I prefer Google-style docstrings, but there are many good options. Argument descriptions should be terse and leading articles should be avoided (e.g. drop the from numerator: the number to be divided since it is implicit). The docstrings should not contain type information, as that information is included as functions type hints, and types in docstrings can quickly become stale since static typing does not check them. Not everything needs a complete docstring; simple functions with good argument names often make full docstrings unnecessary, but when in doubt you should write a full docstring.
def divide(numerator: float, denominator: float) -> float:
"""Divide numerator by denominator.
Args:
numerator: number to be divided (dividend)

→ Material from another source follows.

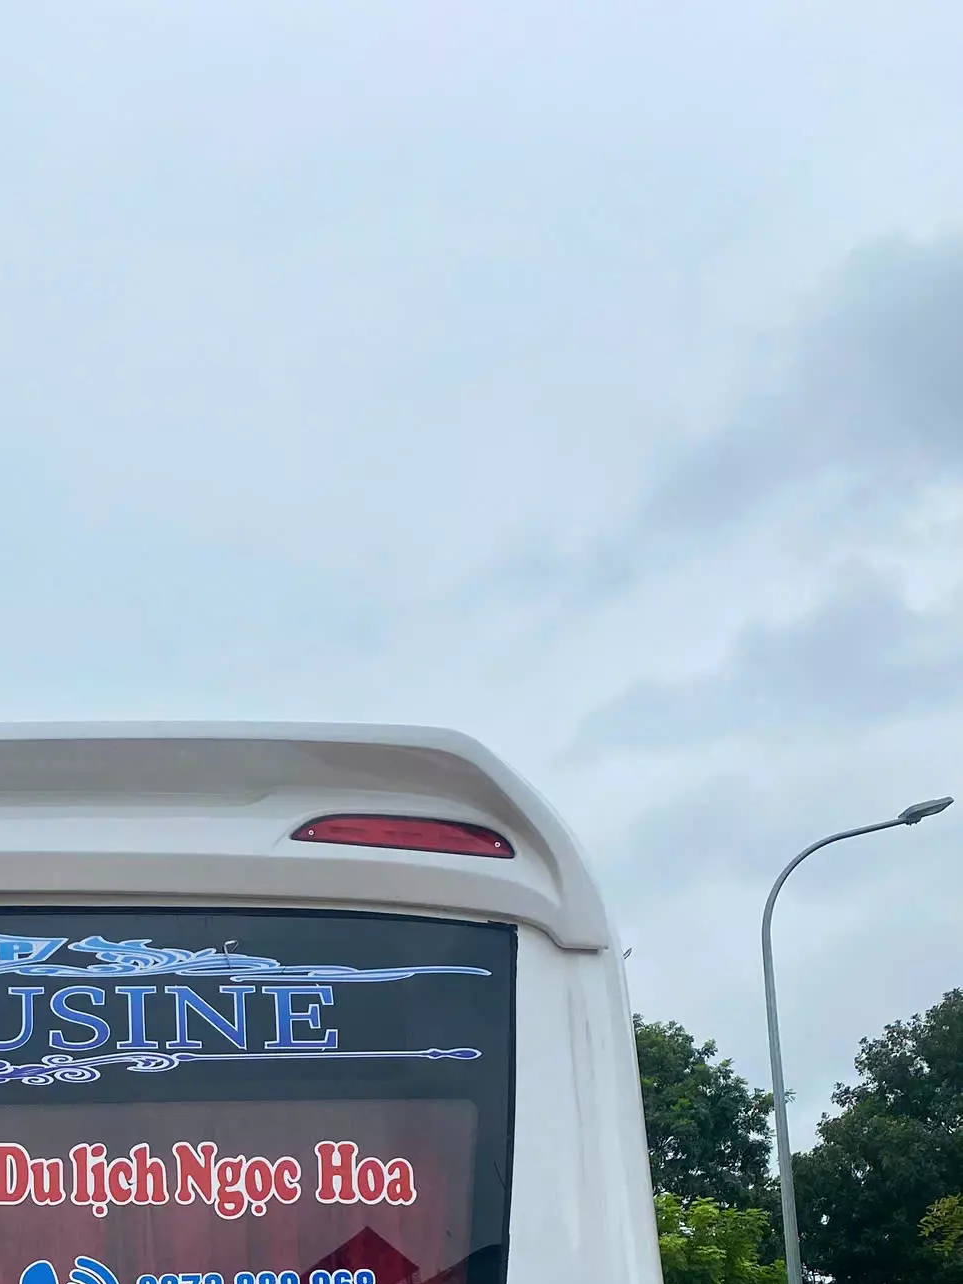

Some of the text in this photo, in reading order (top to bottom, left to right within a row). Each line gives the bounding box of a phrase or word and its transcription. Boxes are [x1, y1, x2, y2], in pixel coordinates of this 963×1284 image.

[69, 1143, 169, 1217] lịch
[172, 1141, 302, 1219] Ngọc
[314, 1140, 418, 1206] Hoa

denominator: number to divide by (divisor)
Returns:
result of division (quotient)
# `pytest --doctest-modules` will run this and check result
>>> divide(4, 2)
2
"""
Documentation websites can be automatically generated from docstrings via tools like sphinx, providing a quick way for users of a package to understand functions, without requiring them to dig into the source code.
Licensing code
Even when source code is shared publicly, there is no inherent license for others to use and modify it. When publishing your code, you should pick a standard license (I recommend MIT) and place it in the same repository as your code so that others will know how they are allowed to interact with your code.

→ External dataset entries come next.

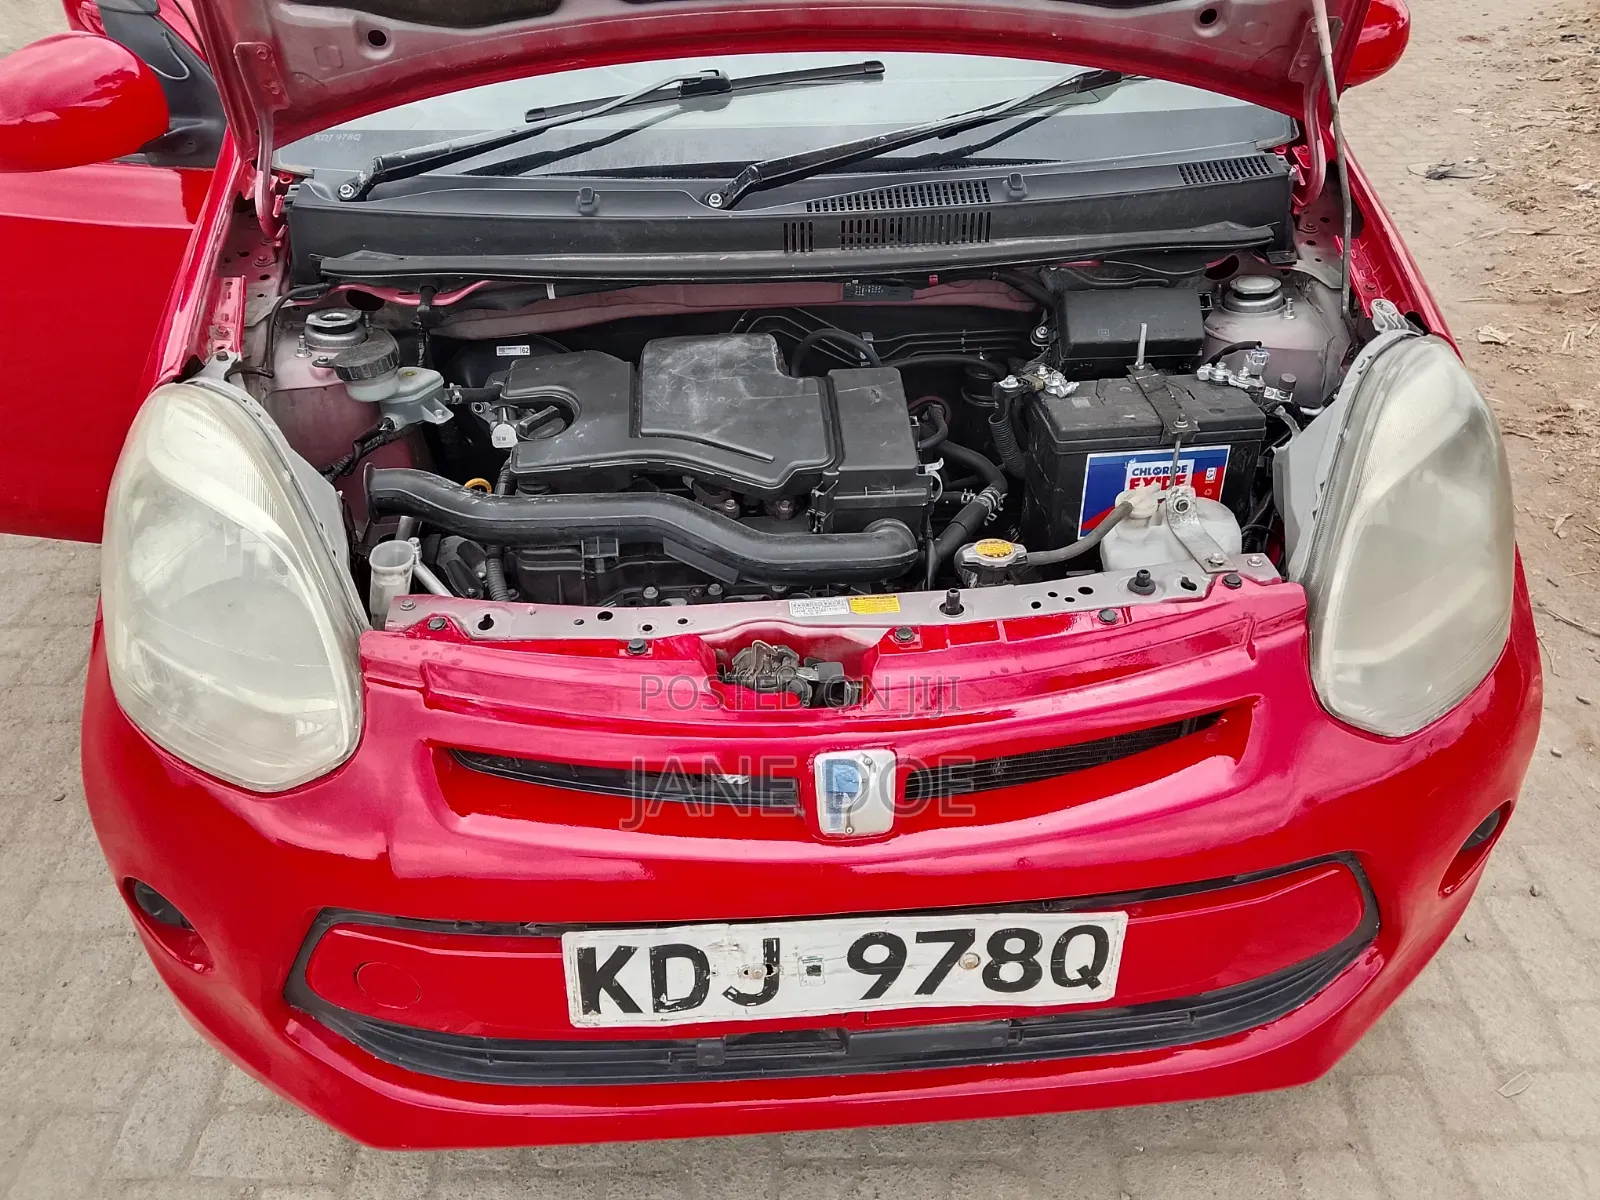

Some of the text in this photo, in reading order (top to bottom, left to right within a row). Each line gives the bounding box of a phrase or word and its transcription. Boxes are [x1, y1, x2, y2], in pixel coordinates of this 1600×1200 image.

[1132, 465, 1188, 476] CHLORIDE
[577, 925, 1110, 1014] KDJ 978Q
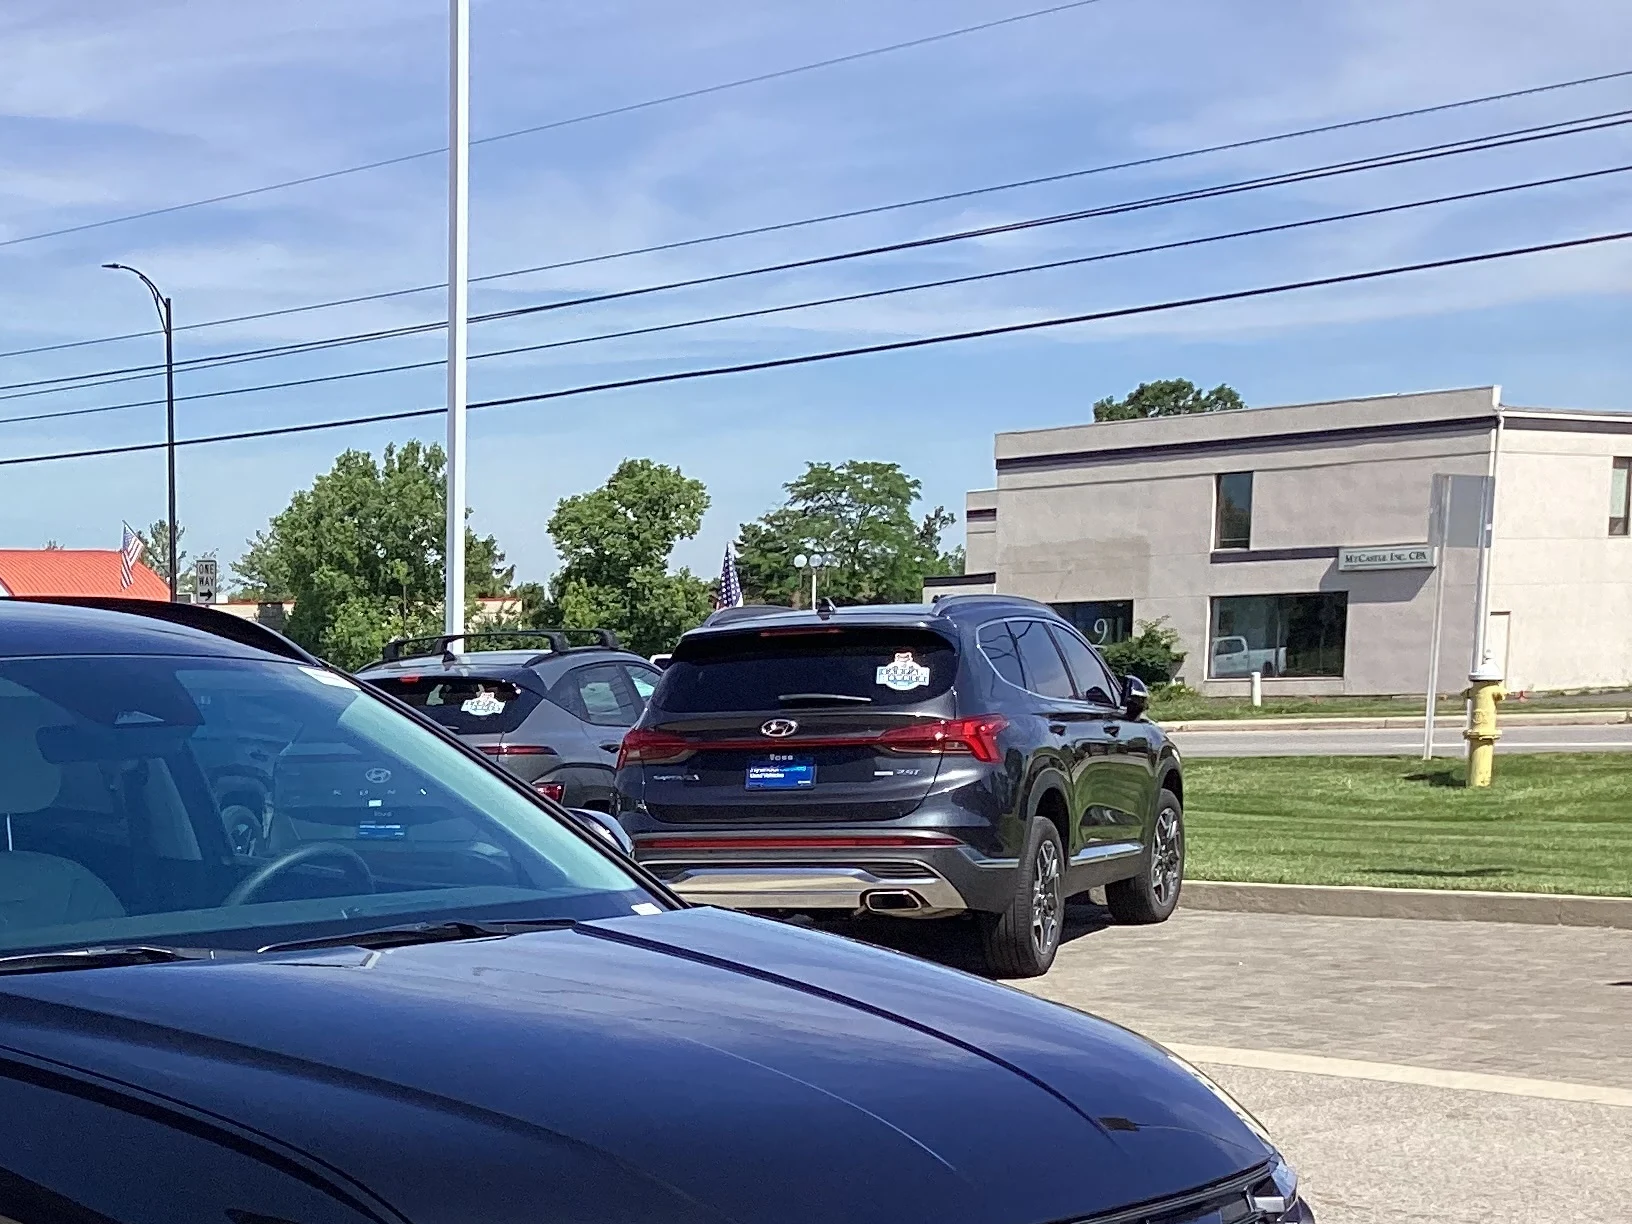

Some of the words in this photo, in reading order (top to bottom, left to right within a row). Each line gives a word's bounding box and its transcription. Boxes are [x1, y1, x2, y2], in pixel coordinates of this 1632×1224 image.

[1409, 551, 1427, 560] CPA
[199, 563, 214, 574] ONE
[199, 576, 214, 586] WAY

There are numerous classes of less than free licenses that make interacting with your code difficult for commercial entities (see Google's guide for more). In my experience, copyleft licenses like GPL that restrict the ability to make derivative works without sharing them publicly discourage the use of such code due to potential liabilities. Many companies refuse outright to use GPL-licensed code, thus starving such open-source projects of exposure and contributions. Similarly, non-commercial licenses like ASL can have unexpected consequences; at Rowan we cannot benchmark ASL-licensed models in the papers that we publish, as research carve-outs are generally not allowed. In my opinion, licenses that restrict the usage of code to specific purposes are fundamentally against the spirit of open source, and should be avoided.
Conclusion
Setting up projects well takes significant work, but will have a lasting impact on your ability to develop and distribute code quickly. Standardizing setup and maintenance of your code with modern tooling will help minimize friction and allow you to easily check the code you (or your LLM agent) write. This is particularly important for organizations, where different individual styles with regard to formatting, linting, and tooling can lead to miscommunication and conflict, slowing down the process6 or leading to significant noise in commits due to changing styles.

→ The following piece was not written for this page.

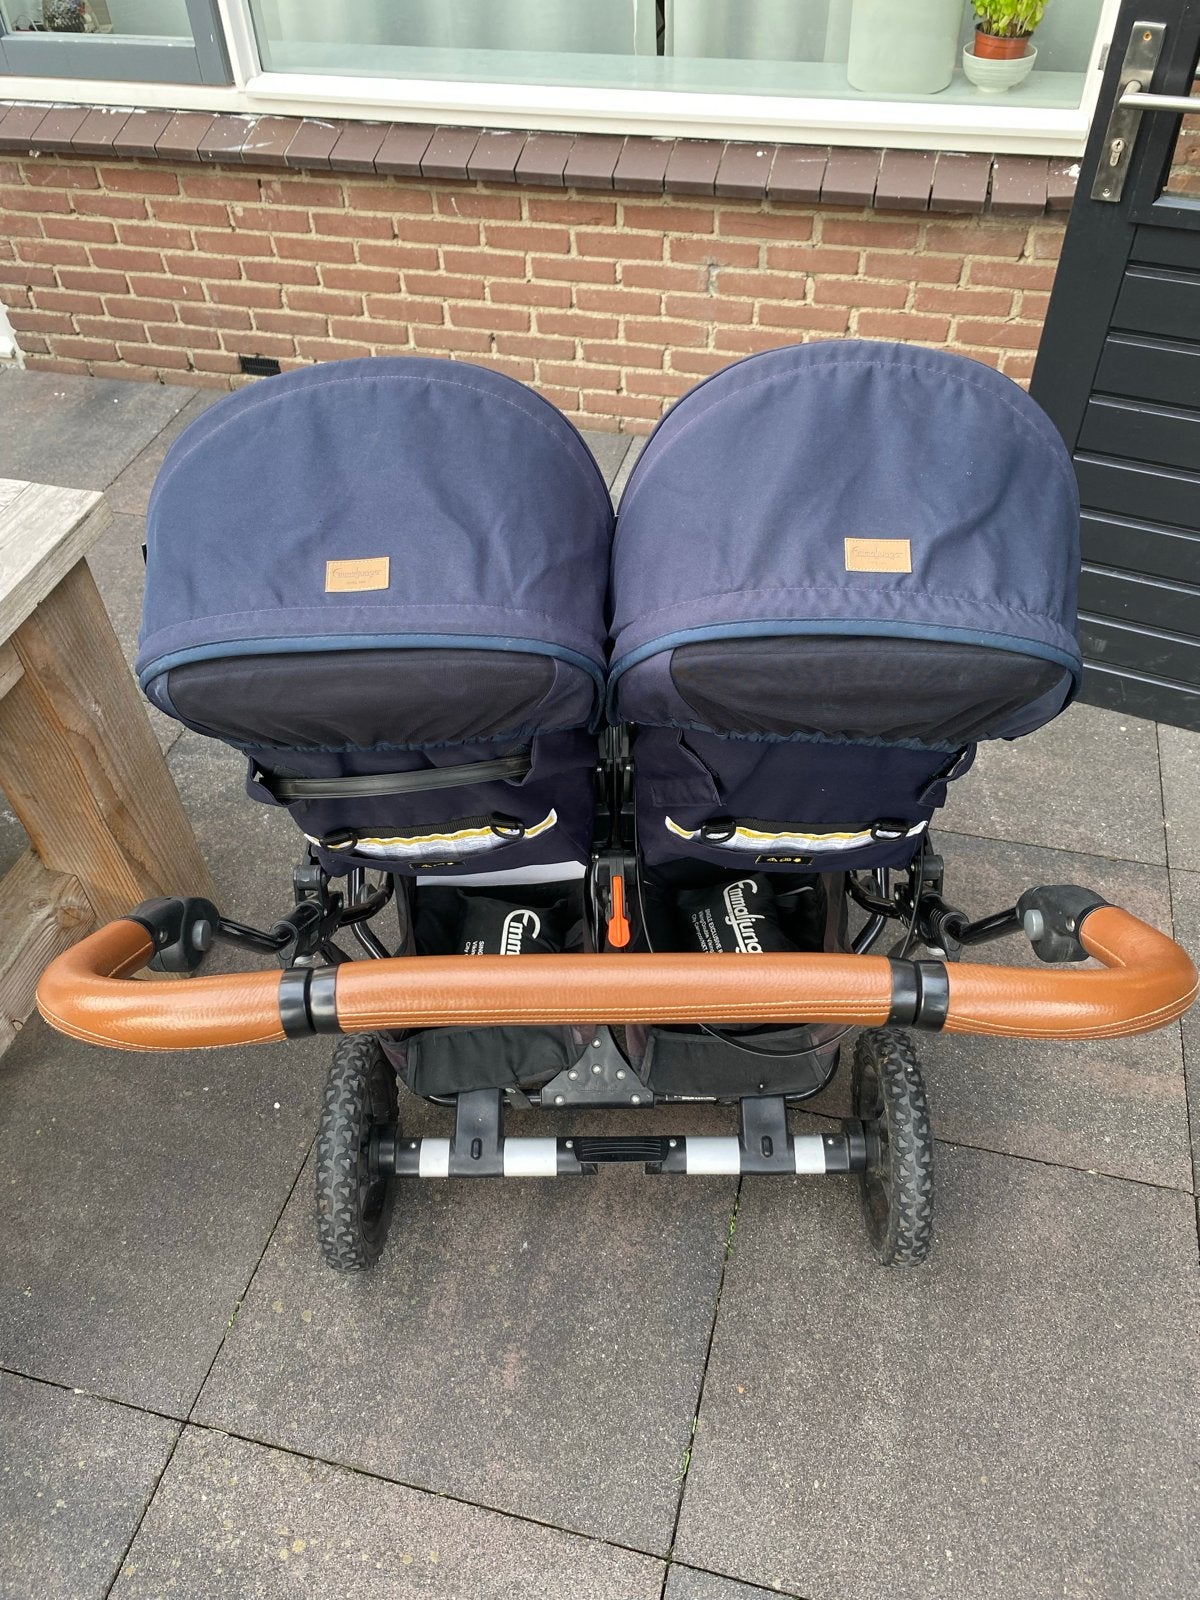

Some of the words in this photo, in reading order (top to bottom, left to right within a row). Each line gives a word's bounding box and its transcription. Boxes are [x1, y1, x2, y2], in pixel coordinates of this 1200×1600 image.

[500, 909, 541, 955] Emm
[723, 879, 766, 953] Emmaljung
[477, 940, 485, 955] SING

As a start, I recommend using my cookiecutters for uv and pixi to set up all of your new code. Feel free to fork them for your organization's needs (I maintain separate internal versions with Rowan-specific setup) or contribute your own improvements so that we can all benefit. If you can't fully adopt all of the tooling and setup, I highly recommend using parts of the cookiecutters to slowly move your existing projects toward standardized tooling and setup.
There should be one-- and preferably only one --obvious way to do it
Although that way may not be obvious at first unless you're Dutch.